Critical thinking is usually associated with the scientific method of discovering knowledge. Michael Shermer defines science as “a set of methods designed to describe and interpret observed or inferred phenomena, past or present, and aimed at building a testable body of knowledge open to rejection or confirmation.” (Why People Believe Weird Things, 1997). Objectivity, rationalism and skepticism are essential elements of any thinking process aimed at acquiring knowledge. Without them, one has no way of differentiating between fact and fiction, between truth and lies. And we become prone to making mistakes in our thinking – fallacies – which in his book Shermer counts no less than twenty-five of such common errors in reasoning. Whether using anecdotes and rumours as evidence to support a claim, or using after-the-fact reasoning, or seeing meaningful connections in mere coincidences, or having a weak grasp of probability, or making hasty generalizations, the traps of flawed thinking are many and unless we are aware of them, we are too easily caught.

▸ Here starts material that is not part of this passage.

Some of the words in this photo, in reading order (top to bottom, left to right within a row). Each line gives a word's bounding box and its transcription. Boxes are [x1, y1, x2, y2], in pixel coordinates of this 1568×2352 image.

The philosopher Friedrich Nietzsche had this to say about the scientific method of knowledge acquisition:
…the scientific spirit is based on the insight into methods, and were those methods to be lost, all the results of science could not prevent a renewed triumph of superstition and nonsense. Clever people may learn the results of science as much as they like… [yet] they lack the scientific spirit. They do not have that instinctive mistrust of the wrong ways of thinking.

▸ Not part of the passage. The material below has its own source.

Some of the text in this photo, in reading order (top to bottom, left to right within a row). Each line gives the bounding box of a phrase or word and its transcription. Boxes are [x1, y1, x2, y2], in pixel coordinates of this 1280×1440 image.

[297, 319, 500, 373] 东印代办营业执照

Nietzsche astutely makes a distinction between knowing the results of scientific discovery and actually thinking in a scientific manner. It is one thing to carry an encyclopedic store of facts and figures in your head, quite another to exercise rigorous, rational thought. And surely the latter is the font of the former. We cannot arrive at knowledge – that is, true, accurate, verified information – without a solid foundation of clear, careful thinking.
Critics of what they call ‘scientistic arrogance’ may object to any enthusiastic advocacy of the scientific method of acquiring knowledge. They feel threatened by science’s claims to absolute truth, and its implicit – and often explicit – disregard for other avenues to knowledge. Yet, as Shermer argues in Why People Believe Weird Things, science is undeniably the only method of knowledge acquisition that is progressive, defined in this context as “the cumulative growth of a system of knowledge over time, in which useful features are retained and non-useful features are abandoned, based on the rejection or confirmation of testable knowledge [my emphasis]”. The last phrase is key; whereas non-scientific forms of attaining 'knowledge' (intuition, revelation, gut-instinct, received wisdom and traditions) are plagued by inertia, inconsistency and dogma, the scientific approach to truth exhibits dynamism, logical consistency and an openness to review and correction. Science is a process, not an ideological position.
Despite the attacks on reason, science and critical thinking by the forces of unreason, superstition and magical thinking, the scientific method remains defiantly robust and, crucially, effective. I leave the last word to a person whose contributions to humanity have made his very name a byword for genius coupled with humility.
One thing I have learned in a long life: that all our science, measured against reality, is primitive and childlike – and yet it is the most precious thing we have.